Problem statement: Write the entries out again exactly as they stand, but without the pictures.

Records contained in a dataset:
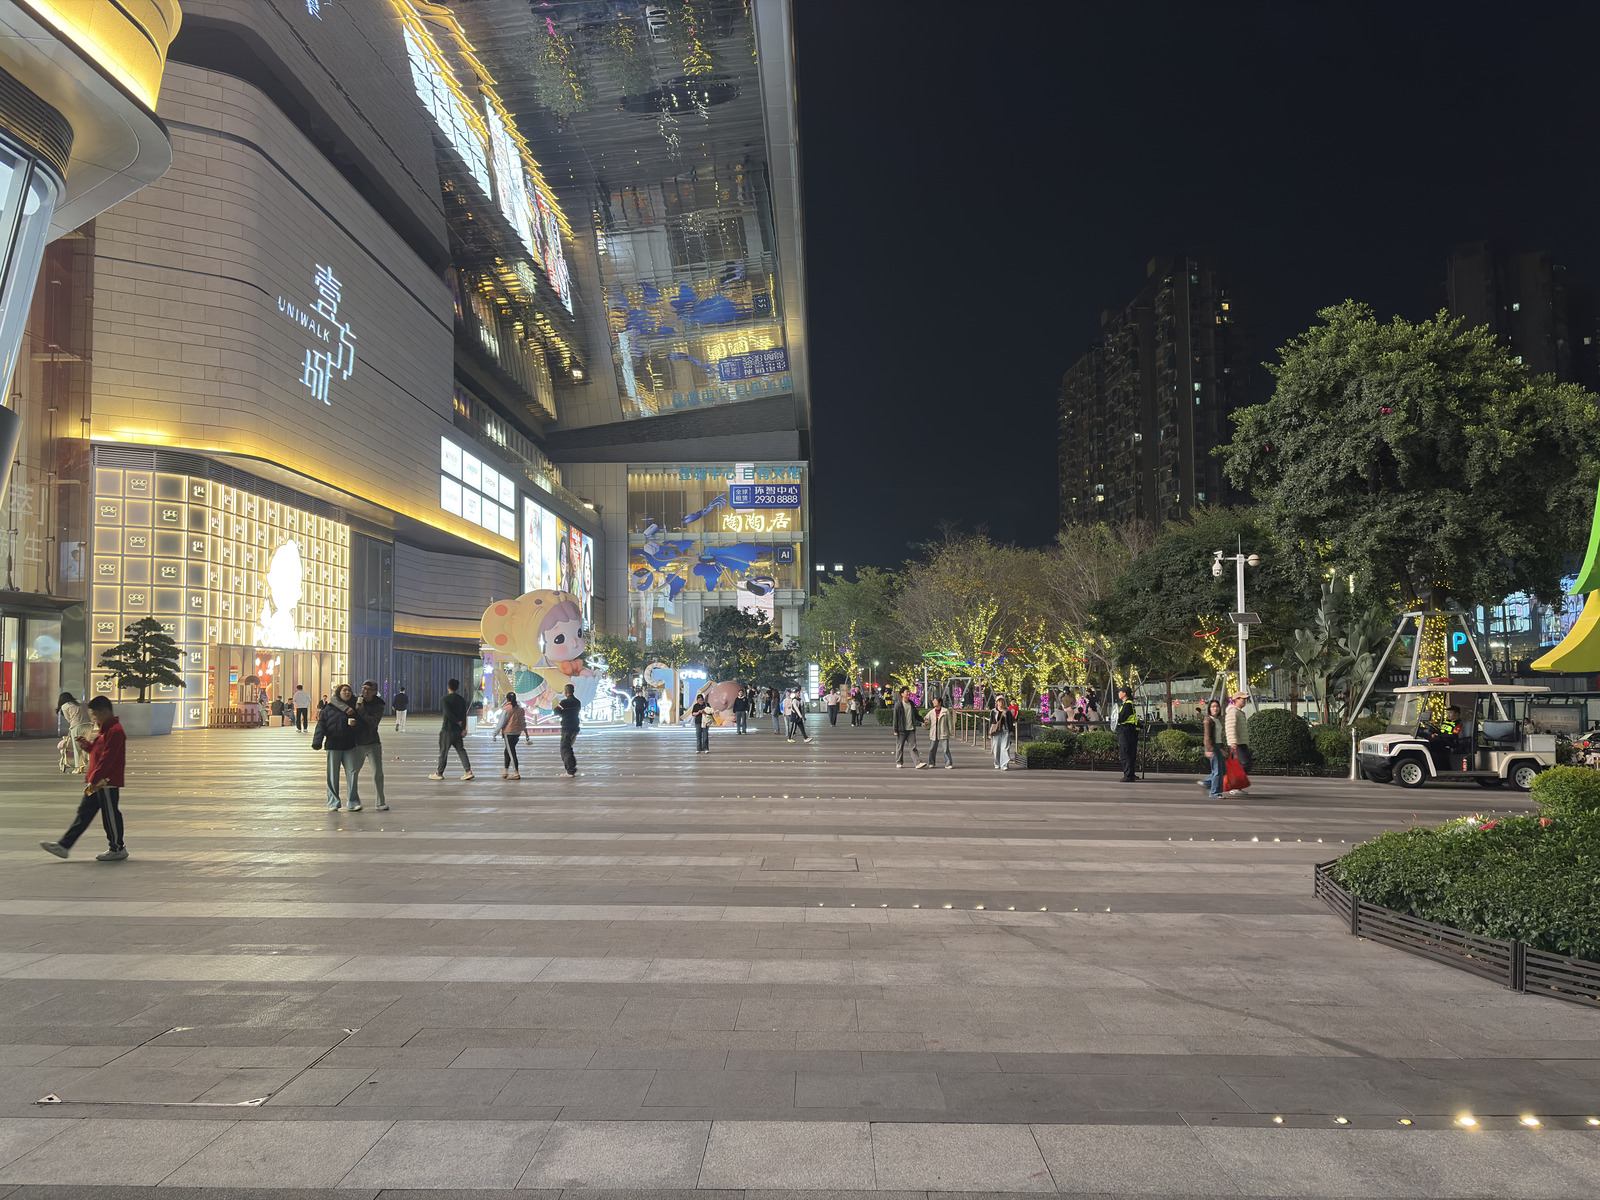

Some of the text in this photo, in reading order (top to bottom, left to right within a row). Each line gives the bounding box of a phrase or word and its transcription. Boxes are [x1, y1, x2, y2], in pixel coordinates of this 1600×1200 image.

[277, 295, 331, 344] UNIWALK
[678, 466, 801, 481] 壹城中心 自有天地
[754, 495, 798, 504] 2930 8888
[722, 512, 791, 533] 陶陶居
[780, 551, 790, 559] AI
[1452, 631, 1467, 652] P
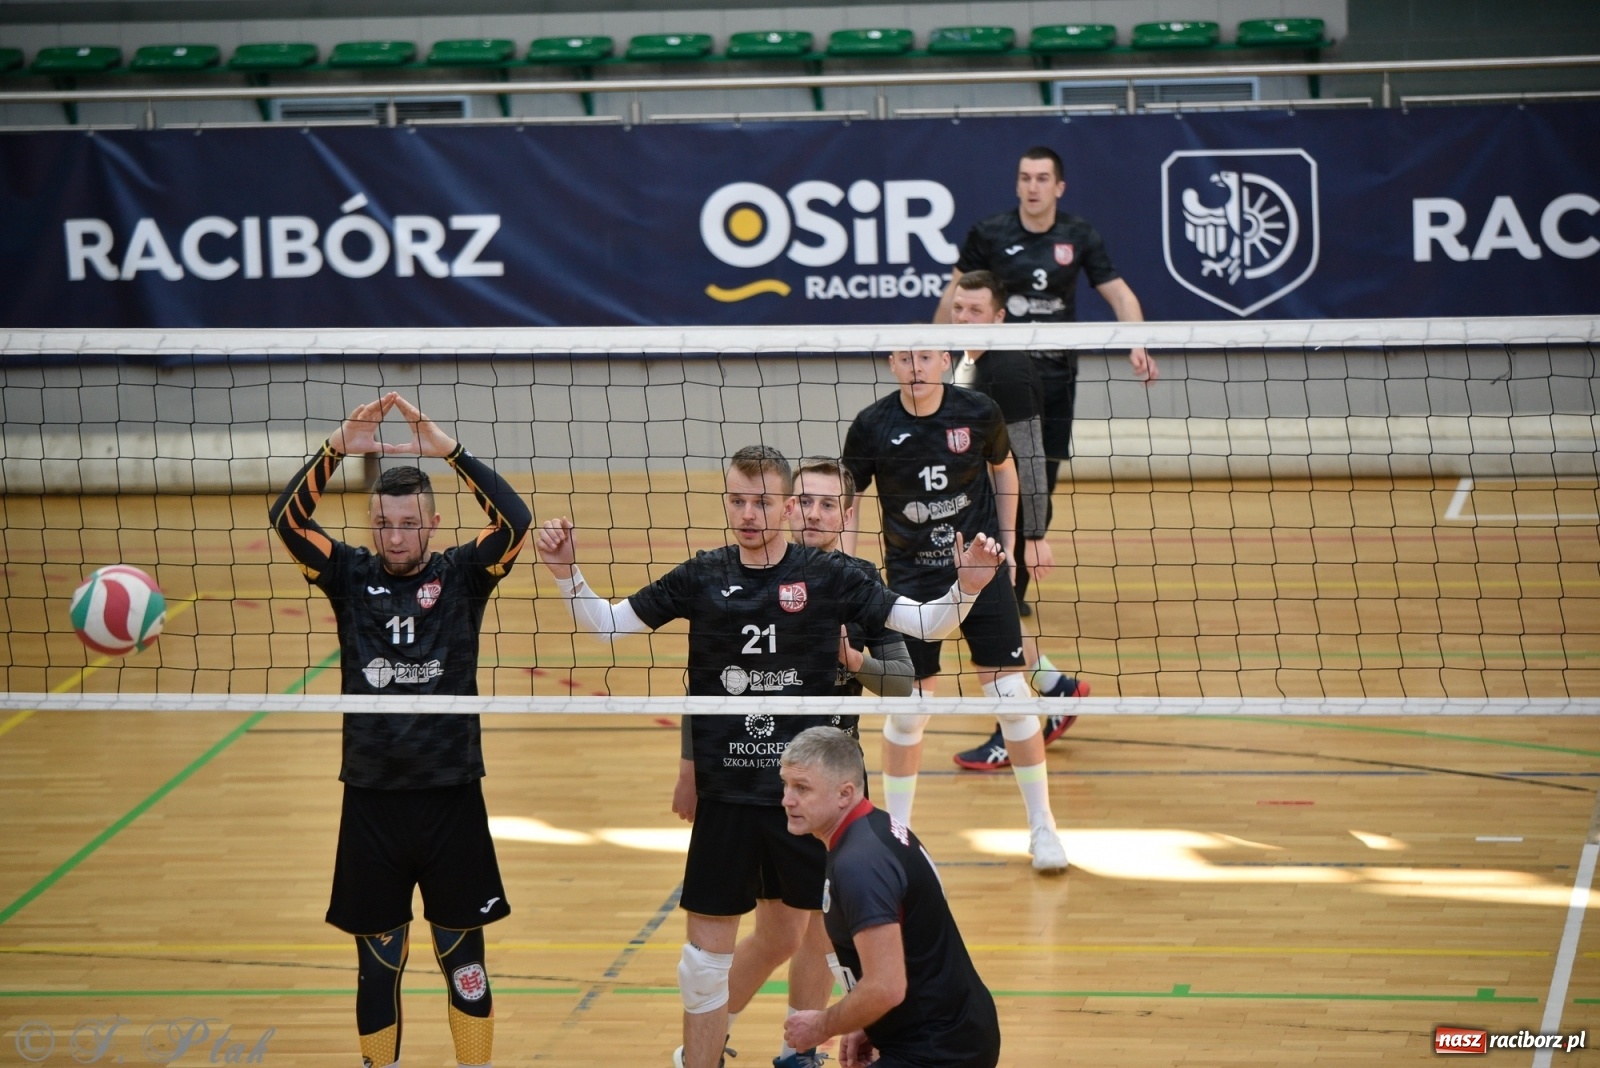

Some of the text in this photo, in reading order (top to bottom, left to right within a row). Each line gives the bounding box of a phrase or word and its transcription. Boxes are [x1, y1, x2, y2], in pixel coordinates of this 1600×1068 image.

Solved problem:
Some of the text in this photo, in reading order (top to bottom, left to right within a row). Each line gives the bounding box of a phrase or word and its transcription. Boxes are [x1, y1, x2, y2], in pixel coordinates of this 1600×1200 image.

[277, 295, 331, 344] UNIWALK
[678, 466, 801, 481] 壹城中心 自有天地
[754, 495, 798, 504] 2930 8888
[722, 512, 791, 533] 陶陶居
[780, 551, 790, 559] AI
[1452, 631, 1467, 652] P

Some of the text in this photo, in reading order (top to bottom, left to right within a row). Each line gives the bounding box of a phrase or word and its transcription. Boxes are [x1, y1, x2, y2], in pixel coordinates of this 1600×1068 image.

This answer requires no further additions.